その時、遠くから救急車のサイレンの音が響いてきた。


「時間だ、次こそ帰るからな。」


「あの救急車が?」「・・・処理係。悪趣味もいいところだ。」


「ユーモアがあっていいと思うけどな~」「そうか。」由は少女との会話を打ち切り、踵を返し歩き出す。


「バイバ~イっ!」


由は少女が思ったより簡単に引き下がったことに驚きながらも、そのまま車まで歩いて行った。


雨はとっくに降りやんで、じめじめした湿気だけが辺りを満たしていた。


「何だったんだよ・・・。」


車のシートに体重を預け、キーを差し込んでからエンジンをかける前に煙草に火をつけた。

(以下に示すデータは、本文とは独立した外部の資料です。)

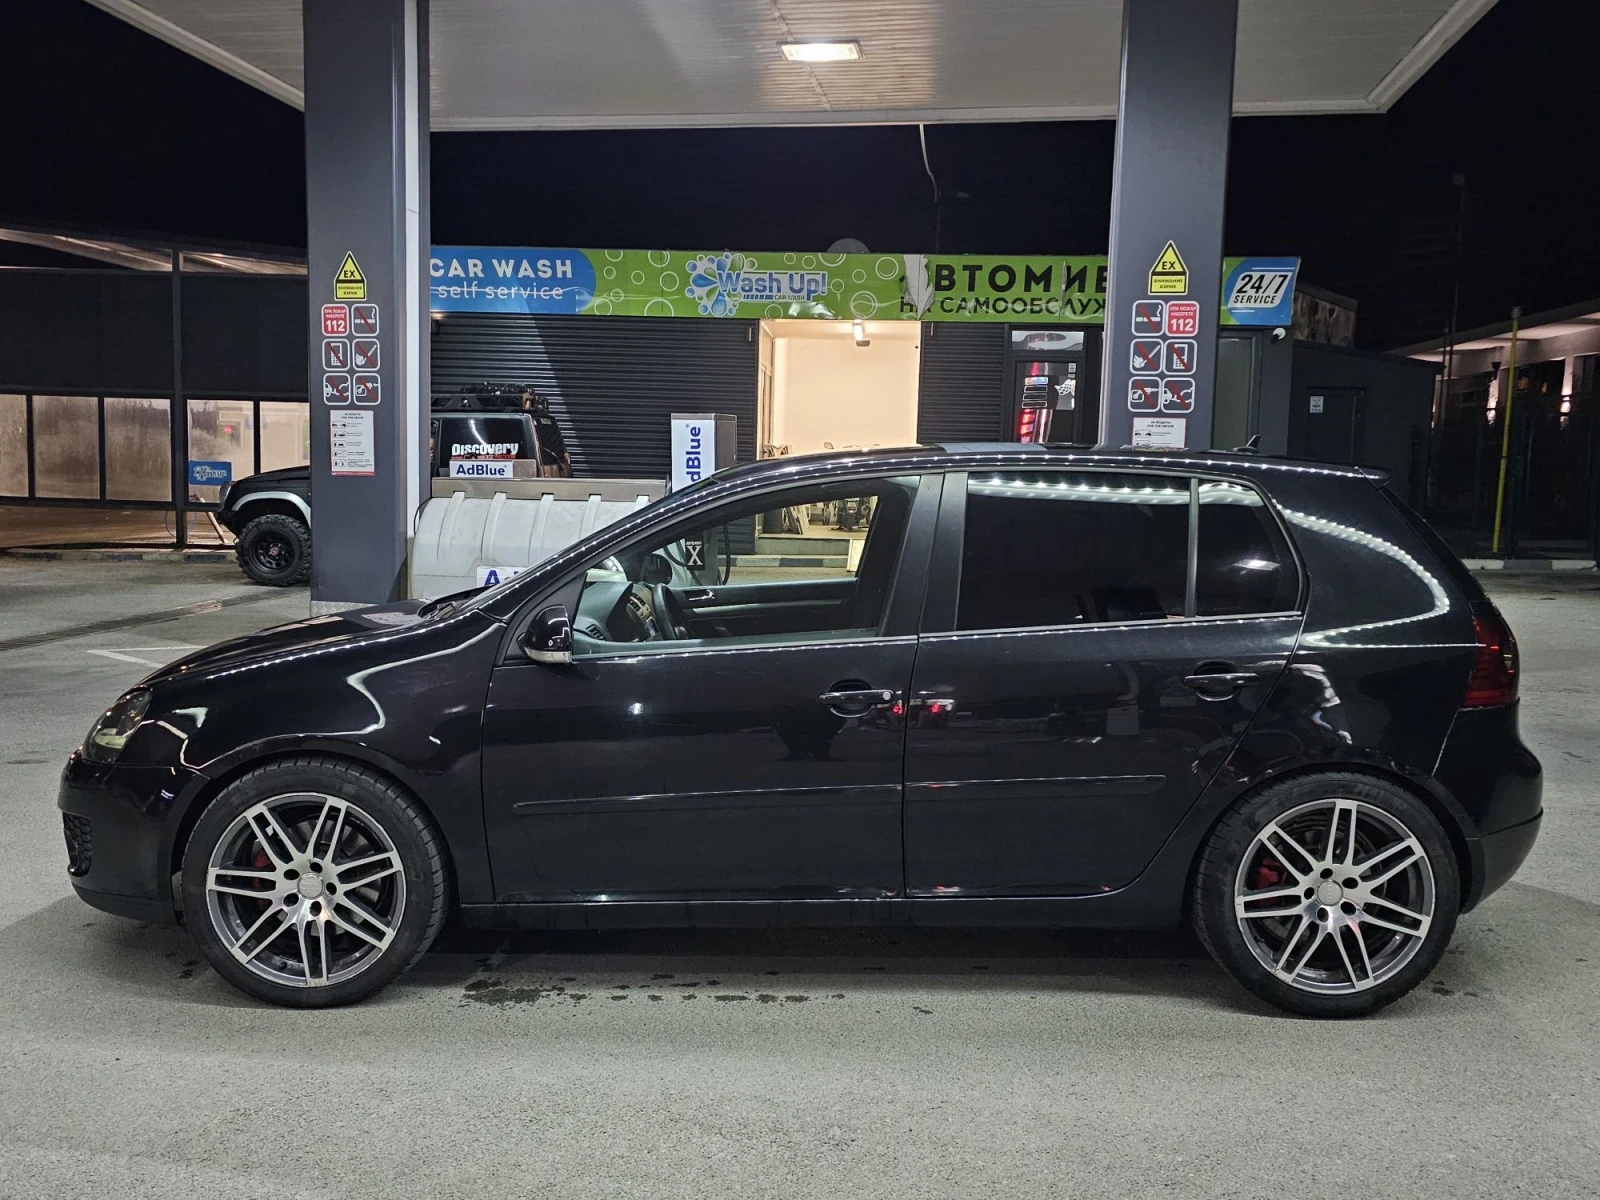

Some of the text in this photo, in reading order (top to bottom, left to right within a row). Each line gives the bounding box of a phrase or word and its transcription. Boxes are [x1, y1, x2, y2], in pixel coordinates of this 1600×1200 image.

[343, 269, 356, 278] EX
[430, 258, 573, 279] CAR WASH
[1161, 261, 1177, 270] EX
[717, 271, 827, 301] Wash Up!
[899, 264, 1108, 293] ВТОМИ
[1236, 273, 1288, 294] 24/7
[438, 281, 564, 300] self service
[1234, 294, 1278, 304] SERVICE
[900, 296, 932, 313] Н
[325, 319, 346, 332] 112
[1170, 319, 1194, 331] 112
[456, 464, 505, 476] AdBlue
[686, 545, 704, 566] X

「・・・っはぁぁ」いつもの数倍疲れた、心の中で愚痴りながらエンジンを「かけ、」二回「かかれ」三回「かかれっ!」咳き込んだような音の後、寝起きの悪いエンジンが動き始めた。


「報告・・・。」携帯を取る。


いつもの様に電話の向こうは留守電で、伝言を残す。


「仕事終わった、死体ドロは撃った、金振り込め。」由はそれだけ言い残して電話を切った。

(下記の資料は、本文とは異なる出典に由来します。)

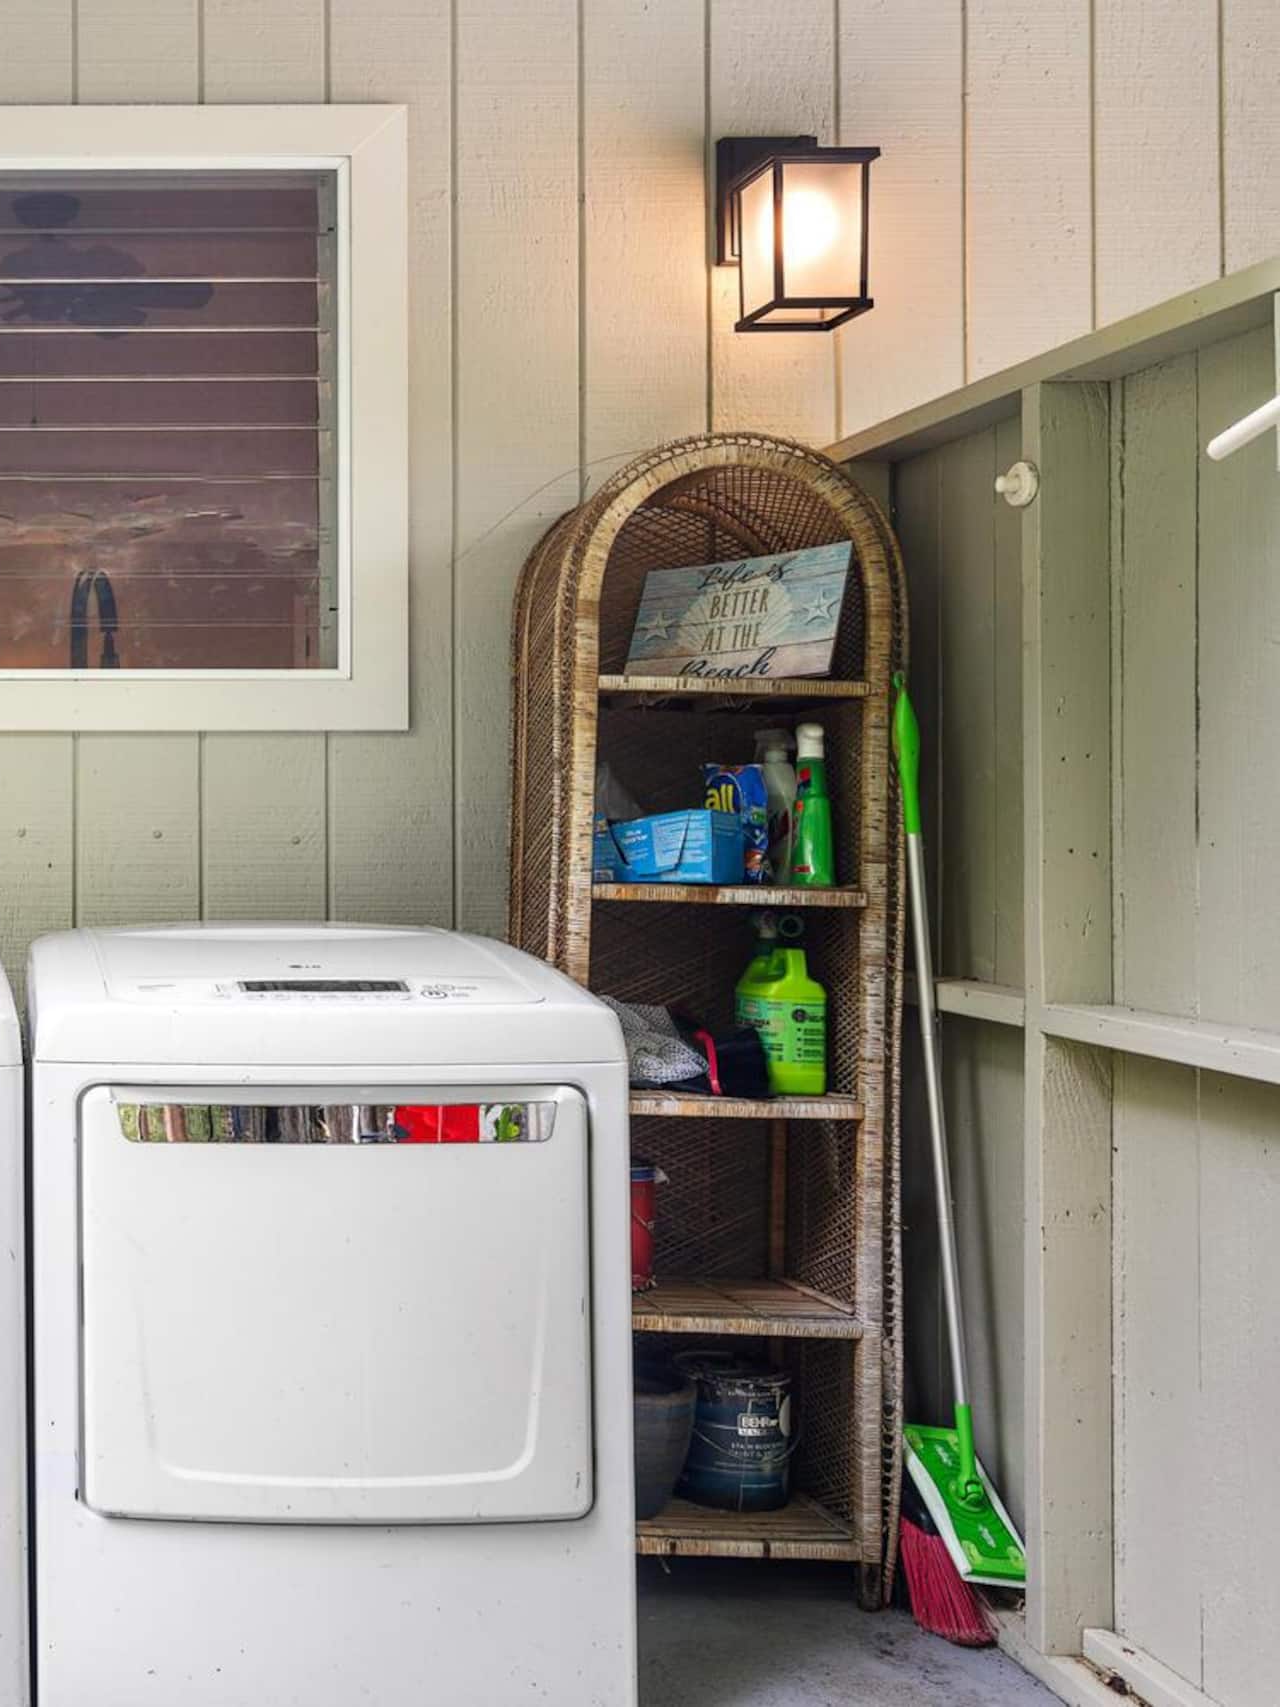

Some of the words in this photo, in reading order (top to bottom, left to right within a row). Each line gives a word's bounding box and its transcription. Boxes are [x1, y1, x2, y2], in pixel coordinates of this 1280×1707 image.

[696, 562, 754, 591] Life
[764, 556, 798, 582] is
[709, 587, 769, 620] BETTER
[701, 625, 726, 651] AT
[733, 622, 762, 649] THE
[679, 647, 777, 679] Beach
[704, 783, 735, 814] all

「・・・言いなり、か。」先ほどの少女の言葉を反芻する。確かにその通りかも知れないが、特に今の生活に不自由することはない。ならばそれでいいじゃないかと自分を納得させる。


車の中にたまったカビ臭い空気に耐えかねて、窓を開けた。ギアを入れて車を発進させ、ライトが先の見えない暗闇を頼りなく照らす。


「・・・帰って風呂入って、寝る。」


そしたら苛立ちも消えるだろう。ゾンビと出会うなんて非現実、夢だと思って忘れたほうがいいかもしれない。そうすれば明日からはいつも通りの「!?」


突然鈍い音とともに、フロントガラスに何かが覆いかぶさった。


「そういえばサ~、返事聞いてないんだけど~?」ゾンビだった「ぎゃあぁぁぁ!!!!!!!!」


先ほどの少女が、手と顔をフロントガラスにへばり付かせていた。しっかり眼鏡もかけ直している。

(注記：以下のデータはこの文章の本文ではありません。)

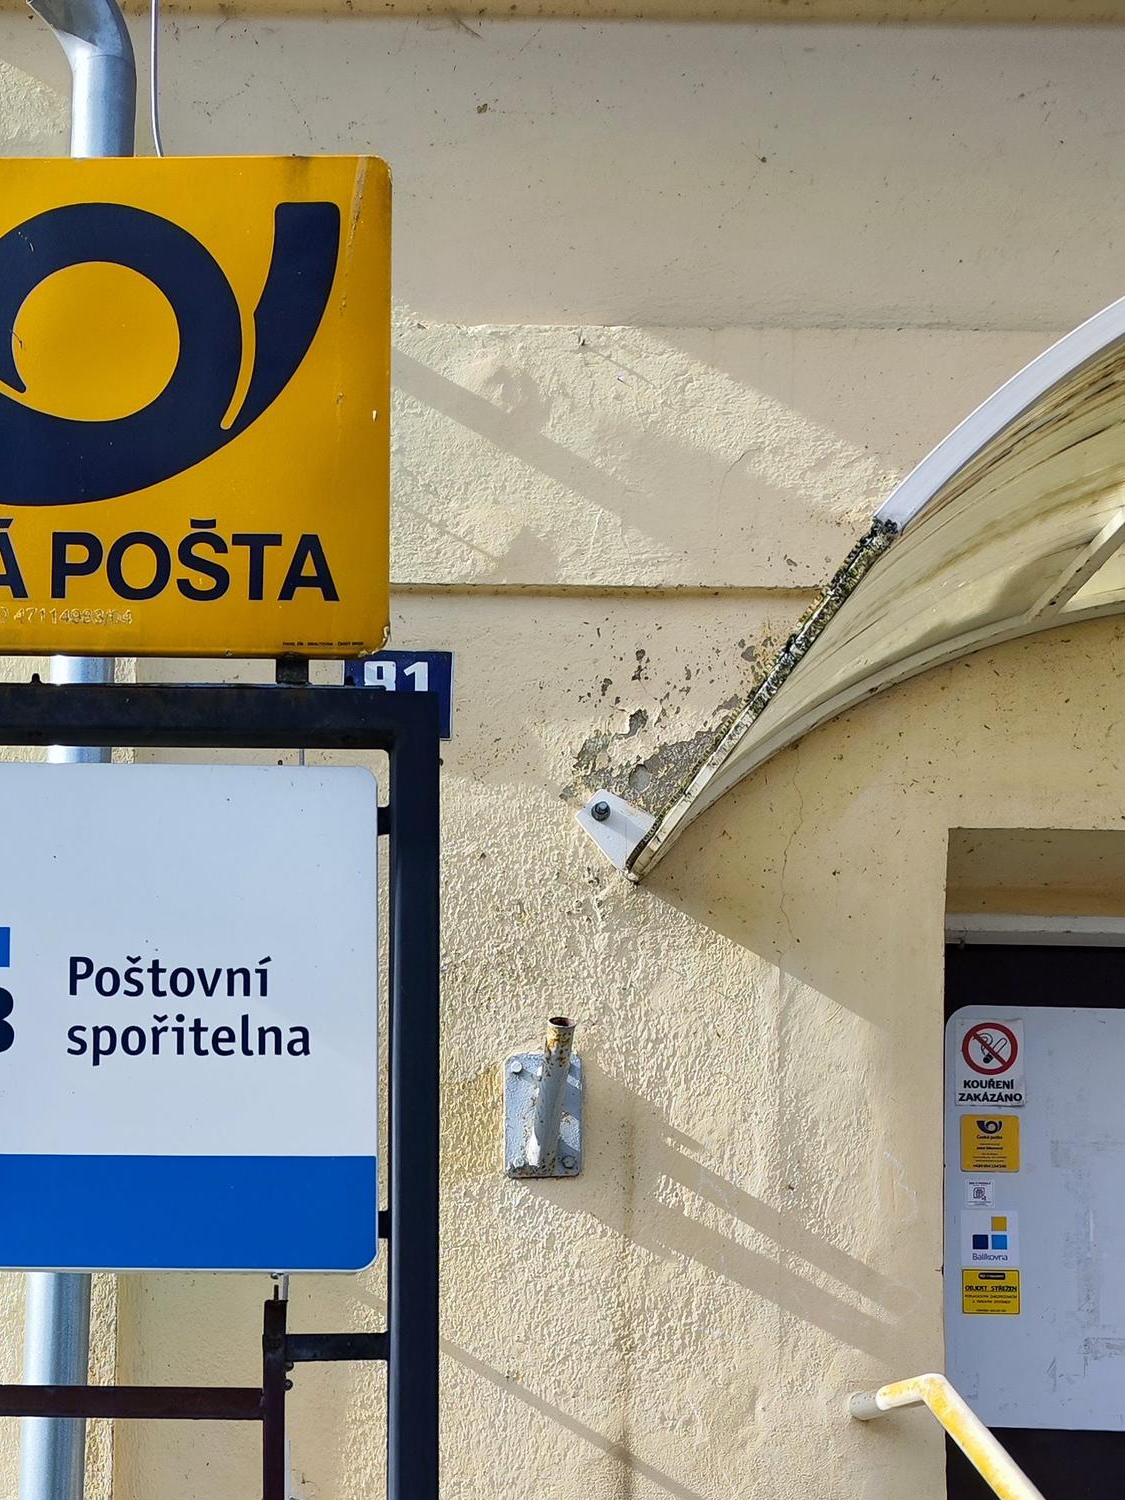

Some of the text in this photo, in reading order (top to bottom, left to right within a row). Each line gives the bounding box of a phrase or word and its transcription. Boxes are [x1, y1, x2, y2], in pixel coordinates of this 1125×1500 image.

[51, 519, 340, 602] POŠTA
[68, 955, 272, 998] Poštovní
[66, 1014, 312, 1066] spořitelna
[958, 1091, 1023, 1103] ZAKÁZÁNO
[963, 1078, 1015, 1090] KOUŘENÍ

「ててててめぇ、屋根に張り付いてやがったなっ!」「いやぁ、すっかり忘れててね~。」「聞けよ、落ちろよ、車汚すな!!」「最後のが一番大事なの~ぉうぉうぉう~車揺らさないで~中身がシェイクされるぅぅぅ~」「吐く前に落ちろっ!事故ったら修理にいくらかかると思ってやがるっ!」「相棒にしてくれないと吐くっ!」


ホラー映画の敵は主人公が安心したところで出てくるのが鉄板、由は改めてそれを思い知ったのだった。


「分かった、分ったから!車止めるから降りろっ!!!」


「にひひっ」


由と少女の関係は、そんなスタートを迎えた。